Try it
Leave out the images; return the rest of the data exactly.

Data extracted from a collection
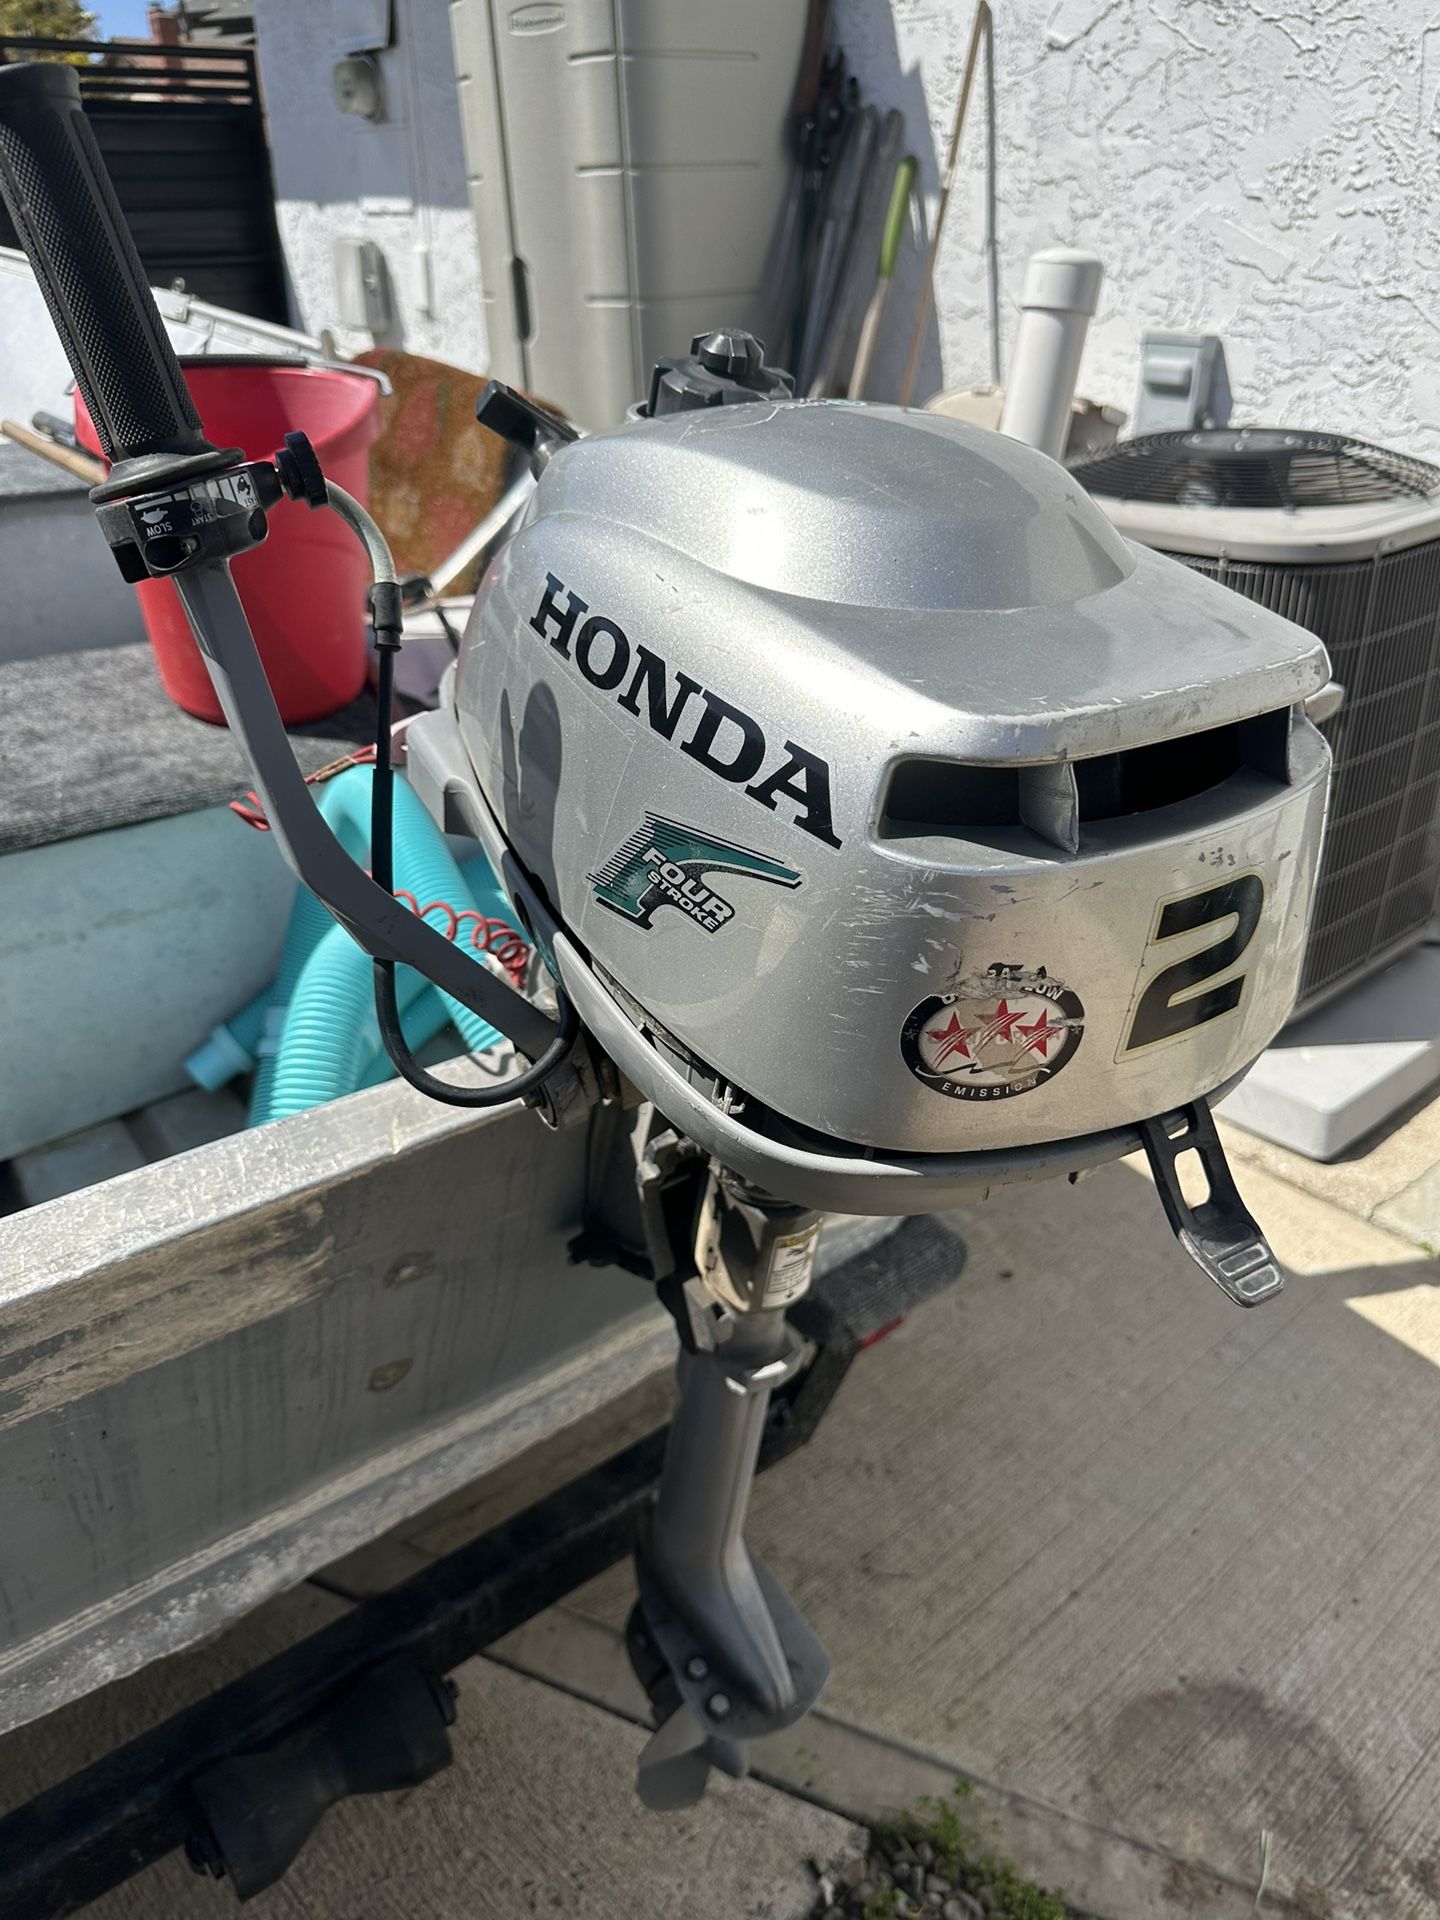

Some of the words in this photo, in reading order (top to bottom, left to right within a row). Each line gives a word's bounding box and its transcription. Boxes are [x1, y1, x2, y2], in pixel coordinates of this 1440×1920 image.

[146, 521, 173, 537] SLOW
[191, 512, 213, 526] START
[529, 571, 843, 850] HONDA
[642, 846, 734, 923] FOUR
[646, 869, 718, 931] STROKE
[1125, 874, 1264, 1051] 2
[941, 1077, 1037, 1097] EMISSION

Reply to the exercise
Some of the words in this photo, in reading order (top to bottom, left to right within a row). Each line gives a word's bounding box and its transcription. Boxes are [x1, y1, x2, y2], in pixel coordinates of this 1440×1920 image.

[146, 521, 173, 537] SLOW
[191, 512, 213, 526] START
[529, 571, 843, 850] HONDA
[642, 846, 734, 923] FOUR
[646, 869, 718, 931] STROKE
[1125, 874, 1264, 1051] 2
[941, 1077, 1037, 1097] EMISSION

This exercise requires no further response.